:: YOUR INSTRUCTIONS ::
All records that follow are to be output exactly.

══ SUPPLIED MATERIAL ══

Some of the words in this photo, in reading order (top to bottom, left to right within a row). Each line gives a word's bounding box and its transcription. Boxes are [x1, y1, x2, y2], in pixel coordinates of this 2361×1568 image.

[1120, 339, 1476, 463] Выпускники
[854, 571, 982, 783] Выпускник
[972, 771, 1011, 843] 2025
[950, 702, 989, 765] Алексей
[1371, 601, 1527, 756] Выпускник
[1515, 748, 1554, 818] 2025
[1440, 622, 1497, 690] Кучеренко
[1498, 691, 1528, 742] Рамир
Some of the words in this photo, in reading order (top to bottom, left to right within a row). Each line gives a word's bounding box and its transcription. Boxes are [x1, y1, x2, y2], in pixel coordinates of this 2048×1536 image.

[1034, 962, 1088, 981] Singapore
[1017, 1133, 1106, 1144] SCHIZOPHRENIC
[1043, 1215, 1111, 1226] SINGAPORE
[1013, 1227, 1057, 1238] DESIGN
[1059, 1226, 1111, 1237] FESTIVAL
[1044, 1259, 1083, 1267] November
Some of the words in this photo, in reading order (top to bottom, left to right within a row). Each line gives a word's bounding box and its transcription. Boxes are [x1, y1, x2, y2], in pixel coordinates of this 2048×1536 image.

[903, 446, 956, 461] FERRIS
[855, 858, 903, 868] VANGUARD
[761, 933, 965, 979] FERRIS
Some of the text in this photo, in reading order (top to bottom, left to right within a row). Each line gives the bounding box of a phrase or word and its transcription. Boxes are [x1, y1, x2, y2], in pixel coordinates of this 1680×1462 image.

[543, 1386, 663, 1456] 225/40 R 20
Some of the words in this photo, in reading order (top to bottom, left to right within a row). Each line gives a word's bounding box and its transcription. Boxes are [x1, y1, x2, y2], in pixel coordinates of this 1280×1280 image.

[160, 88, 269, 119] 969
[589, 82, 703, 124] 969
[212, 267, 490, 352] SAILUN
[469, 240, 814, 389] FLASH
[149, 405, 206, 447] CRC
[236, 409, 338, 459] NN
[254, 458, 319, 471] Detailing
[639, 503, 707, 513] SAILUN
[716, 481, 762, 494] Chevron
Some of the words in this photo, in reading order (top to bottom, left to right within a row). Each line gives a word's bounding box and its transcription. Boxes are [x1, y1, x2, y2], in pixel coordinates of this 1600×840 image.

═══

:: FINISHED TASK ::
Some of the words in this photo, in reading order (top to bottom, left to right within a row). Each line gives a word's bounding box and its transcription. Boxes are [x1, y1, x2, y2], in pixel coordinates of this 2361×1568 image.

[1120, 339, 1476, 463] Выпускники
[854, 571, 982, 783] Выпускник
[972, 771, 1011, 843] 2025
[950, 702, 989, 765] Алексей
[1371, 601, 1527, 756] Выпускник
[1515, 748, 1554, 818] 2025
[1440, 622, 1497, 690] Кучеренко
[1498, 691, 1528, 742] Рамир
Some of the words in this photo, in reading order (top to bottom, left to right within a row). Each line gives a word's bounding box and its transcription. Boxes are [x1, y1, x2, y2], in pixel coordinates of this 2048×1536 image.

[1034, 962, 1088, 981] Singapore
[1017, 1133, 1106, 1144] SCHIZOPHRENIC
[1043, 1215, 1111, 1226] SINGAPORE
[1013, 1227, 1057, 1238] DESIGN
[1059, 1226, 1111, 1237] FESTIVAL
[1044, 1259, 1083, 1267] November
Some of the words in this photo, in reading order (top to bottom, left to right within a row). Each line gives a word's bounding box and its transcription. Boxes are [x1, y1, x2, y2], in pixel coordinates of this 2048×1536 image.

[903, 446, 956, 461] FERRIS
[855, 858, 903, 868] VANGUARD
[761, 933, 965, 979] FERRIS
Some of the text in this photo, in reading order (top to bottom, left to right within a row). Each line gives the bounding box of a phrase or word and its transcription. Boxes are [x1, y1, x2, y2], in pixel coordinates of this 1680×1462 image.

[543, 1386, 663, 1456] 225/40 R 20
Some of the words in this photo, in reading order (top to bottom, left to right within a row). Each line gives a word's bounding box and its transcription. Boxes are [x1, y1, x2, y2], in pixel coordinates of this 1280×1280 image.

[160, 88, 269, 119] 969
[589, 82, 703, 124] 969
[212, 267, 490, 352] SAILUN
[469, 240, 814, 389] FLASH
[149, 405, 206, 447] CRC
[236, 409, 338, 459] NN
[254, 458, 319, 471] Detailing
[639, 503, 707, 513] SAILUN
[716, 481, 762, 494] Chevron
Some of the words in this photo, in reading order (top to bottom, left to right within a row). Each line gives a word's bounding box and its transcription. Boxes are [x1, y1, x2, y2], in pixel coordinates of this 1600×840 image.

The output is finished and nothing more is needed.